02 April 2009

Pascal, Hunting over Poetry I

One hundred and forty years before Jeremy Bentham declared that “push-pin is as good as poetry,” Blaise Pascal was intrigued by those who preferred hunting to poetry (324). For both, the question concerned “what will make us happy?” Tetris and Halo have supplanted push-pin. But hunting and poetry still survive to pledge and promise.

When Pascal writes of hunting, he refers to boars and hares as the game with dogs and horses included among the means and royalty playing the part of the hunters. Hunting, as with Plato, is a group activity chasing quick, elusive game; the location, the means, and the actors have all changed.

Pascal claims that hunting and philosophy (and perhaps poetry too) share the same goal – happiness – but they differ radically in the means employed.

Hunting pursues happiness through diversion.
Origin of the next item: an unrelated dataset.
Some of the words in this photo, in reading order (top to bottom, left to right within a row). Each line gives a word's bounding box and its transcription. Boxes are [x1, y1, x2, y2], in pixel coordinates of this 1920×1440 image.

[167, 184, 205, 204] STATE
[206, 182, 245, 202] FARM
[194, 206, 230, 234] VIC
Humans suffer from boredom and from the fright of facing into their own condition. “I have discovered that all the unhappiness of men arises from one single fact, that they cannot stay quietly in their own chamber” (139). Of course, the inability also arises from the unhappiness. So, the hunter leaves his room and goes out to hunt. It gets him out of his room, and it will make him happy.
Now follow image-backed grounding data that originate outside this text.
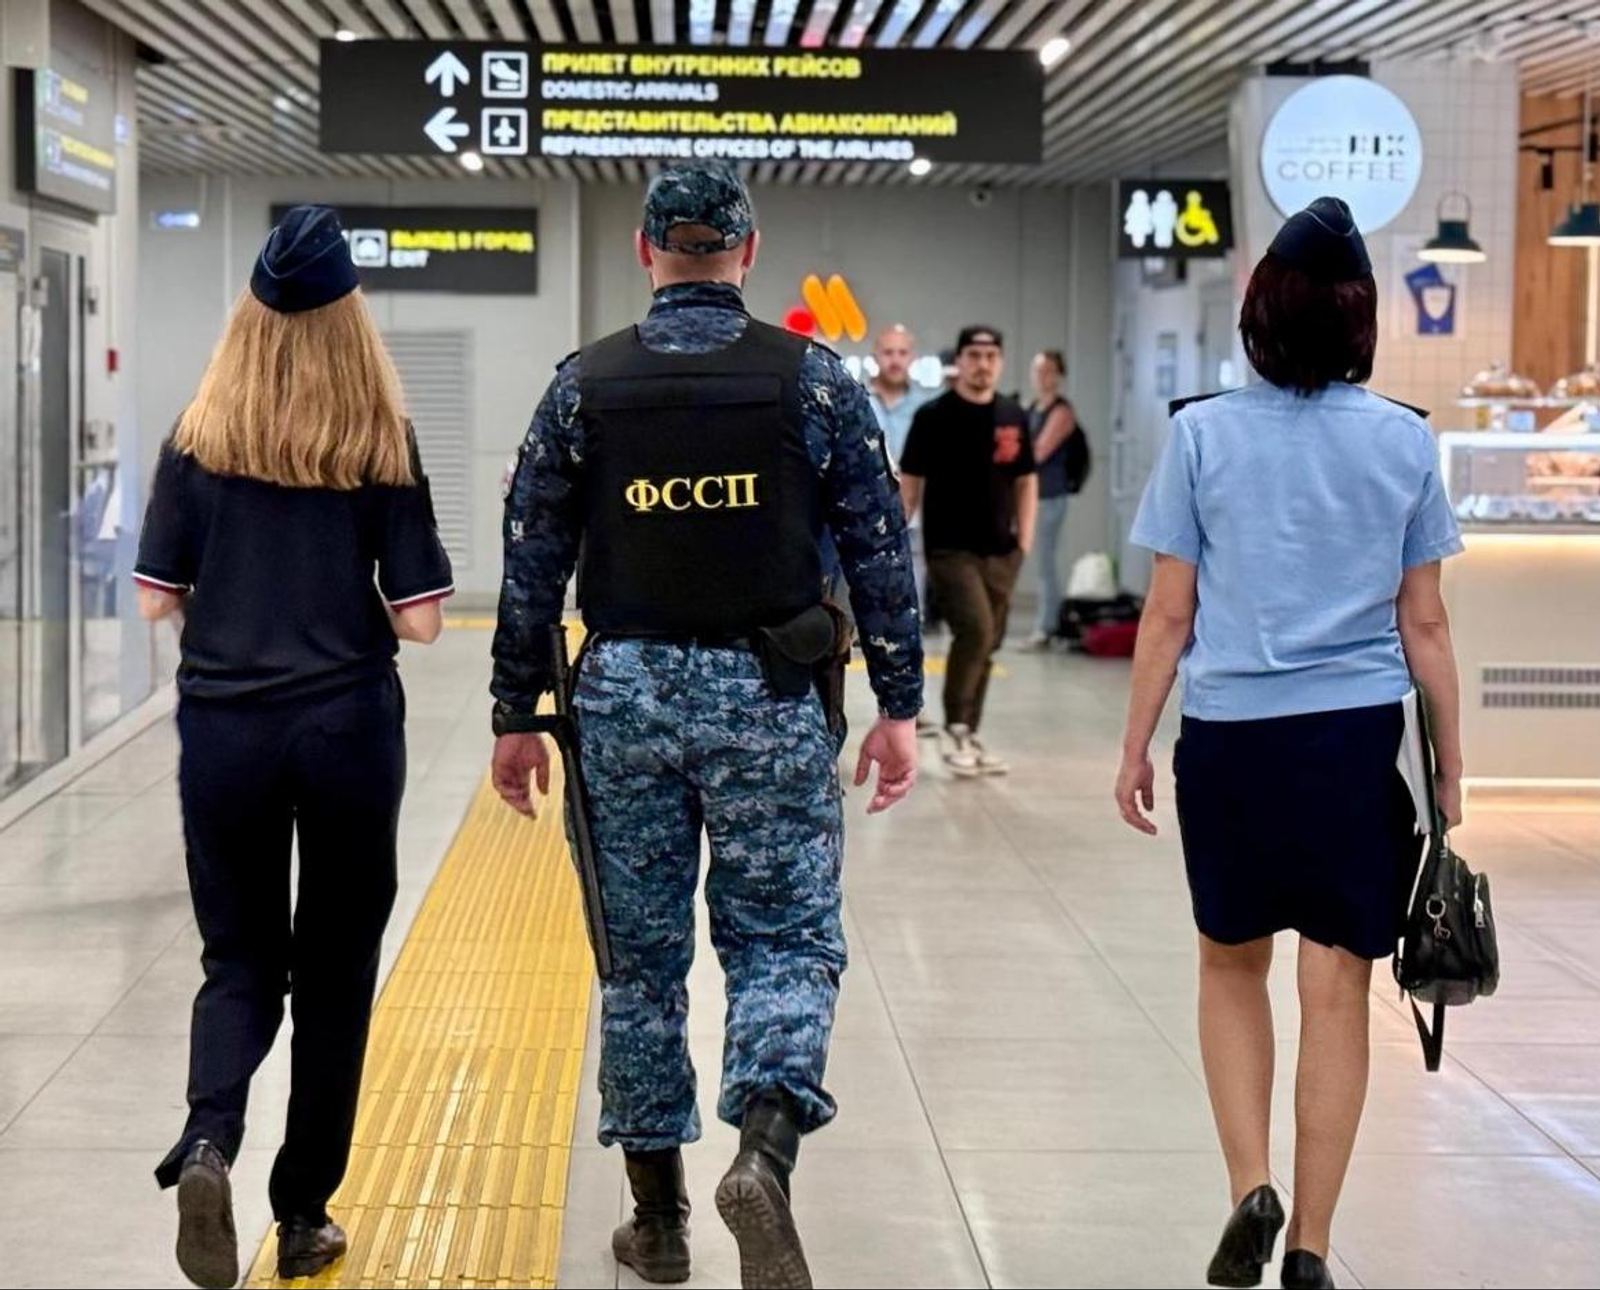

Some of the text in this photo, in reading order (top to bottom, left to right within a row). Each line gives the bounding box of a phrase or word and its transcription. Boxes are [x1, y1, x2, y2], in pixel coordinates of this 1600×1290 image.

[541, 53, 861, 78] ПРИЛЕТ ВНУТРЕННИХ РЕЙСОВ
[541, 80, 719, 101] DOMESTIC ARRIVALS
[542, 109, 957, 136] ПРЕДСТАВИТЕЛЬСТВА АВИАКОМПАНИЙ
[693, 138, 769, 158] OFFICES
[770, 139, 796, 158] OF
[798, 140, 834, 159] THE
[834, 140, 915, 160] AIRLINES
[1277, 160, 1408, 182] COFFEE
[625, 473, 760, 512] ФССП
But what, exactly about the hunt makes the hunter happy? Here, Pascal believes, both the hunters and anti-hunters make a mistake. The hunter thinks that getting possession of a hare will make him happy. The anti-hunter (“those who philosophize on the matter”) cannot see why the scrawny, mangy hare, which the hunter “would not take as a gift” could possibly be worth spending a day hunting. Neither know that “it is the chase, and not the quarry, which they seek.” The chase has the capacity to distract us from ourselves.
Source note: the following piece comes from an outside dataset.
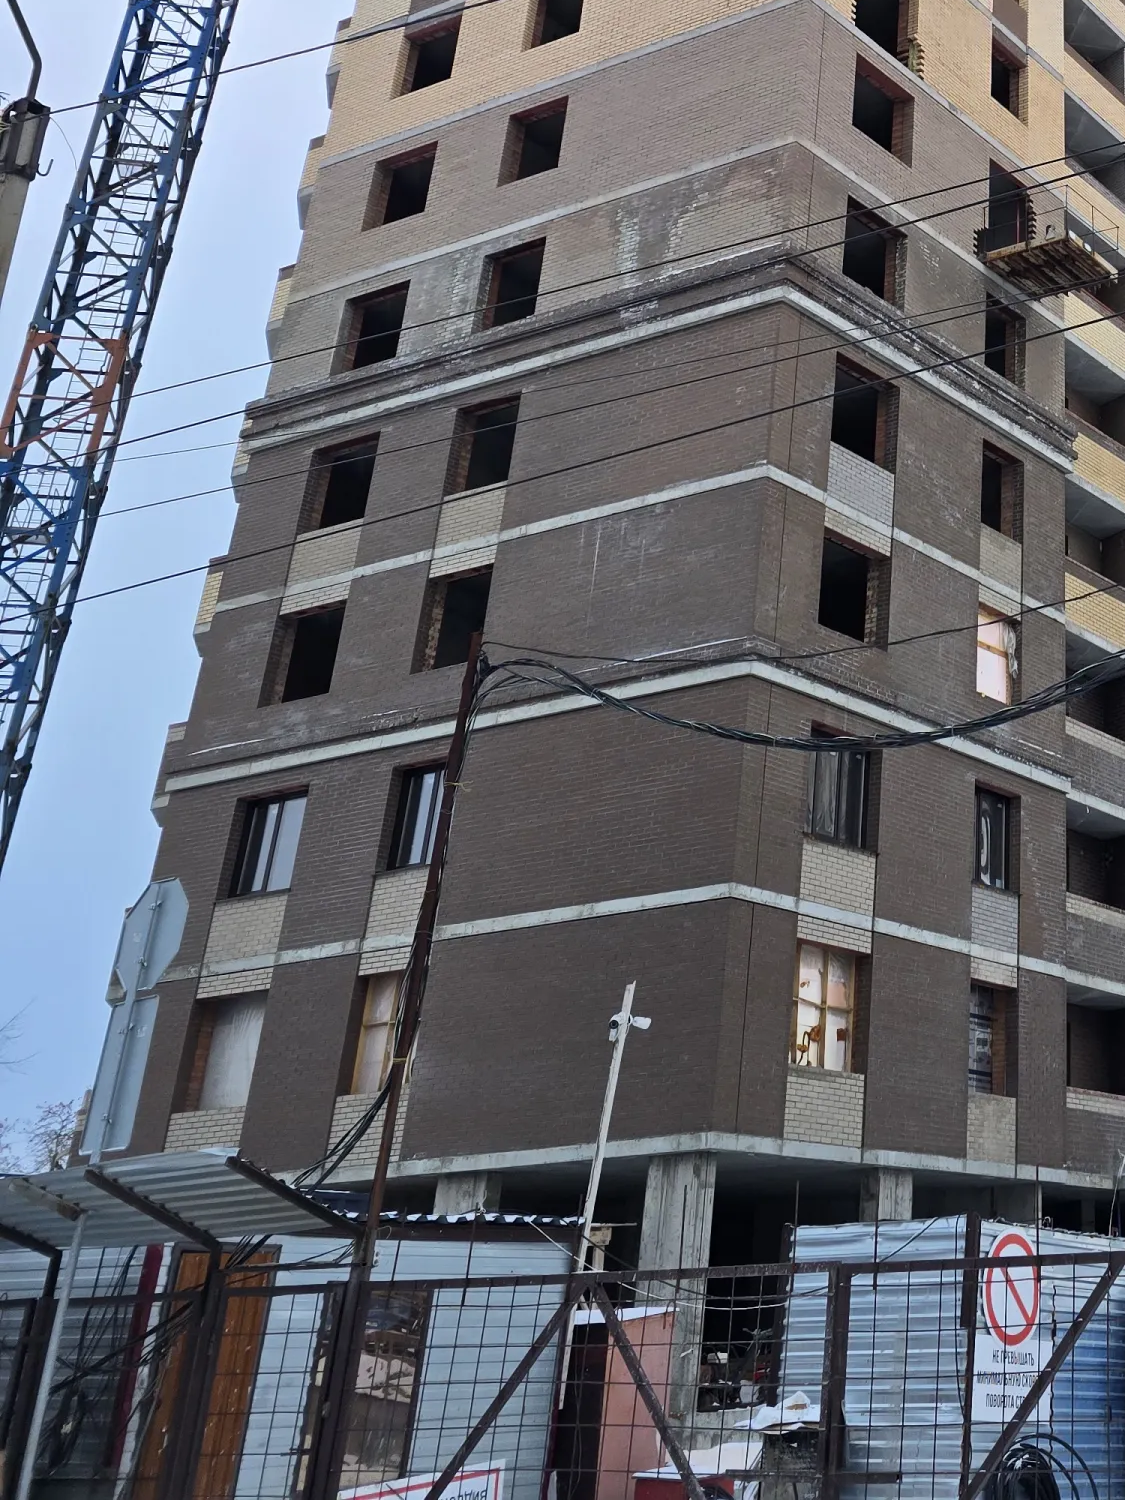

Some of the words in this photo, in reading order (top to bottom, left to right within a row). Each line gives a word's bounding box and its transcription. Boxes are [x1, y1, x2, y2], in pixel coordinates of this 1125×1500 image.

[992, 1349, 999, 1363] НЕ
[1000, 1350, 1034, 1366] ПРЕВЫШАТЬ
[985, 1393, 1014, 1408] ПОВОРОТА
“Whence comes it that this man, who lost his only son a few months ago, or who this morning was in such trouble through being distressed by lawsuits and quarrels, now no longer thinks of them? Do not wonder; he is quite taken up in looking out for the boar which his dogs have been hunting so hotly for the last six hours. He requires nothing more…. Without amusement there is no joy; with amusement there is no sadness.”